Hereditary Breast, Ovarian and Pancreatic Cancer VCEP

Criteria Specification Information

Criteria Specification: ClinGen Hereditary Breast, Ovarian and Pancreatic Cancer Expert Panel Specifications to the ACMG/AMP Variant Interpretation Guidelines for ATM Version 1.2.0

Evidence submitted by expert panel

Hereditary Breast, Ovarian and Pancreatic Cancer VCEP

The c.8494C>T variant in ATM is a missense variant predicted to cause substitution of arginine by cysteine at amino acid 2832 (p.Arg2832Cys). This variant has been detected in at least 3 individuals with Ataxia-Telangiectasia (PMID: 26896183, 22017321, 26846839). The highest minor allele frequency in gnomAD v2.1.1 of 0.01% (2/16244 alleles) in the African/African American population (PM2_Supporting, BS1, and BA1 are not met). The computational predictor, Revel (Score: 0.83), predicts a damaging effect on ATM function. Additionally, experimental studies showed that this variant has impact on ATM kinase activity and protein levels but radiosensitivity was found to be intermediate compared to wild type (PMID: 18634022).

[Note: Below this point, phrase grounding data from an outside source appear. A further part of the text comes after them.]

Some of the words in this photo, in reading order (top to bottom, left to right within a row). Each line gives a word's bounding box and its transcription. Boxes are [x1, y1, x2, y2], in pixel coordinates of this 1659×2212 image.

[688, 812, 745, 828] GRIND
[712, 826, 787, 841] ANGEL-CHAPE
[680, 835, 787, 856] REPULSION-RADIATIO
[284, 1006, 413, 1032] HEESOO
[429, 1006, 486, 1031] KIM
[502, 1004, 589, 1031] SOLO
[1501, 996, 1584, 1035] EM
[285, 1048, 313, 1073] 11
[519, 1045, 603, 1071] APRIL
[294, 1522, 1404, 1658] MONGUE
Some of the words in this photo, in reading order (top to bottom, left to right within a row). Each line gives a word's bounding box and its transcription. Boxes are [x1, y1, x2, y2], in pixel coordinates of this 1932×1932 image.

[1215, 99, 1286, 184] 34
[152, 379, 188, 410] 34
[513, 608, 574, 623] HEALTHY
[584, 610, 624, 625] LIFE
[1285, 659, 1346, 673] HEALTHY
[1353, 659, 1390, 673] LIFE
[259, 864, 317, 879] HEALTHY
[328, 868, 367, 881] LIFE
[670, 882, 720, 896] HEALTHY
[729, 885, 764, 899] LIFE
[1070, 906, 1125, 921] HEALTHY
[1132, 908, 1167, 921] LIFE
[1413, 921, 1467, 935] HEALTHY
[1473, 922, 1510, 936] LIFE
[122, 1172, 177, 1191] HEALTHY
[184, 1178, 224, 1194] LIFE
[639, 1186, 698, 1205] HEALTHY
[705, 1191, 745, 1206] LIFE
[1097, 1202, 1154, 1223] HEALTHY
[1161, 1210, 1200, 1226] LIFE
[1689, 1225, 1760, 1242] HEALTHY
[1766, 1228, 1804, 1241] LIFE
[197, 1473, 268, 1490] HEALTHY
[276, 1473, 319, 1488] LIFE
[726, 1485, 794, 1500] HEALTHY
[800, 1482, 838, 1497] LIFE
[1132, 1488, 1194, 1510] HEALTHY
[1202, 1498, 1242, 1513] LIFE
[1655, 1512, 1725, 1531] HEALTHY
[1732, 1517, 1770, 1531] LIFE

In summary, this variant meets criteria to be classified as likely pathogenic for autosomal dominant hereditary breast cancer and autosomal recessive Ataxia-Telangiectasia based on the ACMG/AMP criteria applied, as specified by the HBOP VCEP. (PM3_Strong, PP3, PS3_supporting)

Met criteria codes

• PS3_Supporting: Experimental studies showed that this variant has impact on ATM kinase activity and protein levels but radiosensitivity was found to be intermediate compared to wild type
• PM3_Strong: This variant has been detected in atleast 3 individuals with Ataxia-Telangiectasia.( PMID: 26896183, 22017321, 26846839)
• PP3: REVEL predicted the score of 0.83 which is above thresholds defined by the HBOP VCEP for PP3

Not Met criteria codes

• PM2: This variant has a minor allele frequency in gnomAD v2.1.1 of 0.01% (2/16244 alleles) in the African/African American population (PM2_Supporting, BS1, and BA1 are not met).